**THE TASK**. Skip the images and repeat every entry word for word.

─── INPUT MATERIAL ───

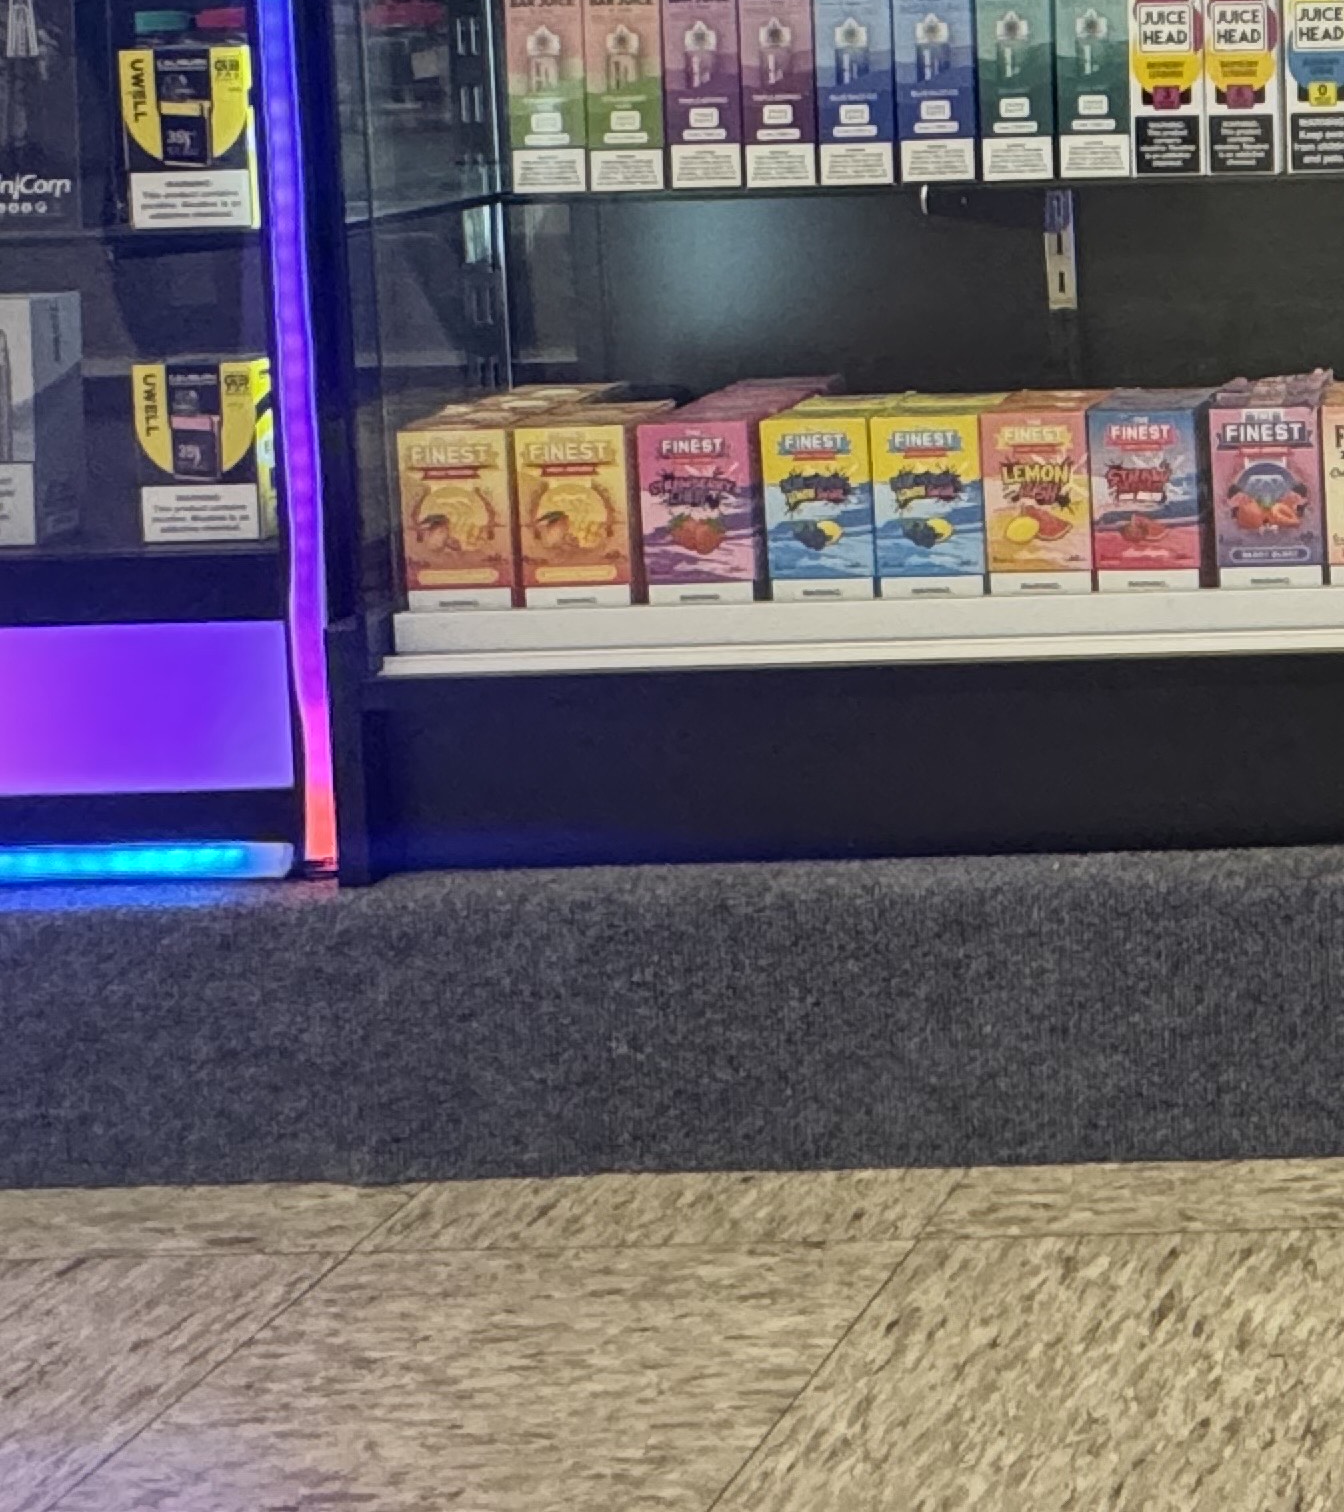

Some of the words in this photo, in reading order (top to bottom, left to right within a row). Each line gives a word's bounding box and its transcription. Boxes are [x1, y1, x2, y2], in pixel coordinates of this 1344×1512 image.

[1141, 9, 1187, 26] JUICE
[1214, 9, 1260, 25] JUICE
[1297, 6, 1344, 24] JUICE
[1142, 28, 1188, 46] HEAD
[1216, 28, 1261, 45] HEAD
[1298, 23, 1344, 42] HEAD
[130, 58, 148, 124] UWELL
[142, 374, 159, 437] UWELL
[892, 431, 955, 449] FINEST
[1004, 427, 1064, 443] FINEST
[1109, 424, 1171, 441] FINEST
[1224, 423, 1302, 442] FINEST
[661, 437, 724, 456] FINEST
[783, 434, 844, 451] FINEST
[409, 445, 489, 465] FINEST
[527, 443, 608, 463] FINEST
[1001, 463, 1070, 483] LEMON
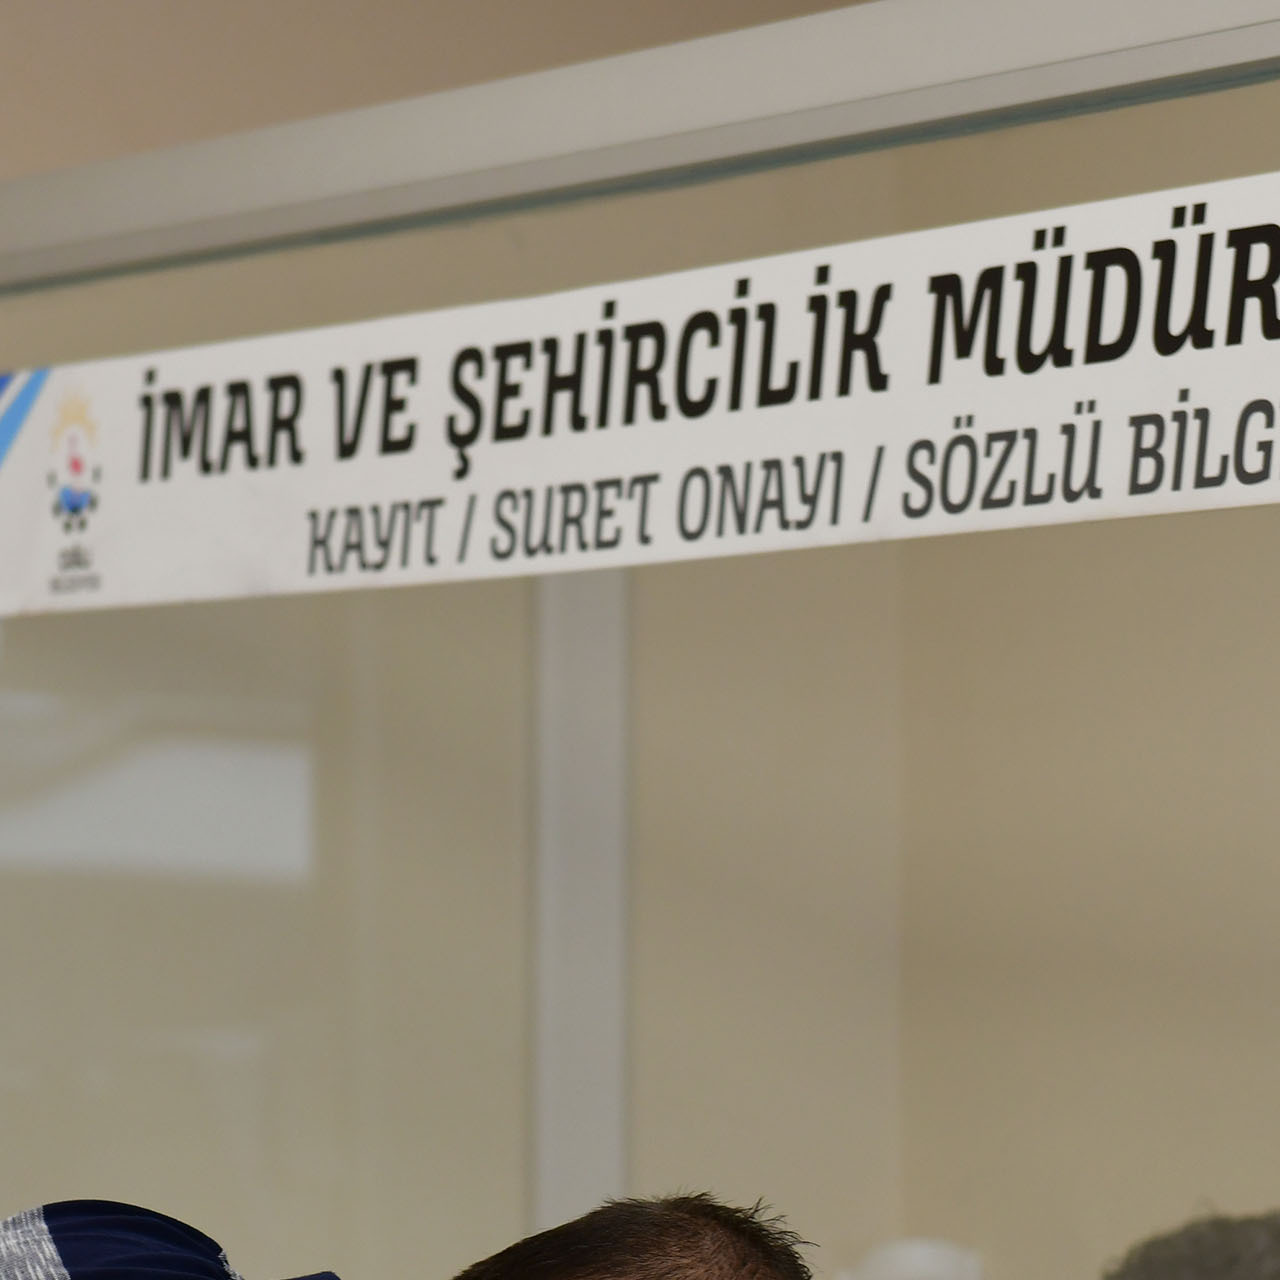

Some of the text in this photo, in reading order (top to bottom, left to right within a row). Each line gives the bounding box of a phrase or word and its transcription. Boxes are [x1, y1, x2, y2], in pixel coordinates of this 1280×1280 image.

───

**THE COMPLETED TASK**.
Some of the words in this photo, in reading order (top to bottom, left to right within a row). Each line gives a word's bounding box and its transcription. Boxes are [x1, y1, x2, y2], in pixel coordinates of this 1344×1512 image.

[1141, 9, 1187, 26] JUICE
[1214, 9, 1260, 25] JUICE
[1297, 6, 1344, 24] JUICE
[1142, 28, 1188, 46] HEAD
[1216, 28, 1261, 45] HEAD
[1298, 23, 1344, 42] HEAD
[130, 58, 148, 124] UWELL
[142, 374, 159, 437] UWELL
[892, 431, 955, 449] FINEST
[1004, 427, 1064, 443] FINEST
[1109, 424, 1171, 441] FINEST
[1224, 423, 1302, 442] FINEST
[661, 437, 724, 456] FINEST
[783, 434, 844, 451] FINEST
[409, 445, 489, 465] FINEST
[527, 443, 608, 463] FINEST
[1001, 463, 1070, 483] LEMON

Some of the text in this photo, in reading order (top to bottom, left to right within a row). Each line gives the bounding box of a phrase or word and its transcription. Boxes are [x1, y1, x2, y2], in pixel coordinates of this 1280×1280 image.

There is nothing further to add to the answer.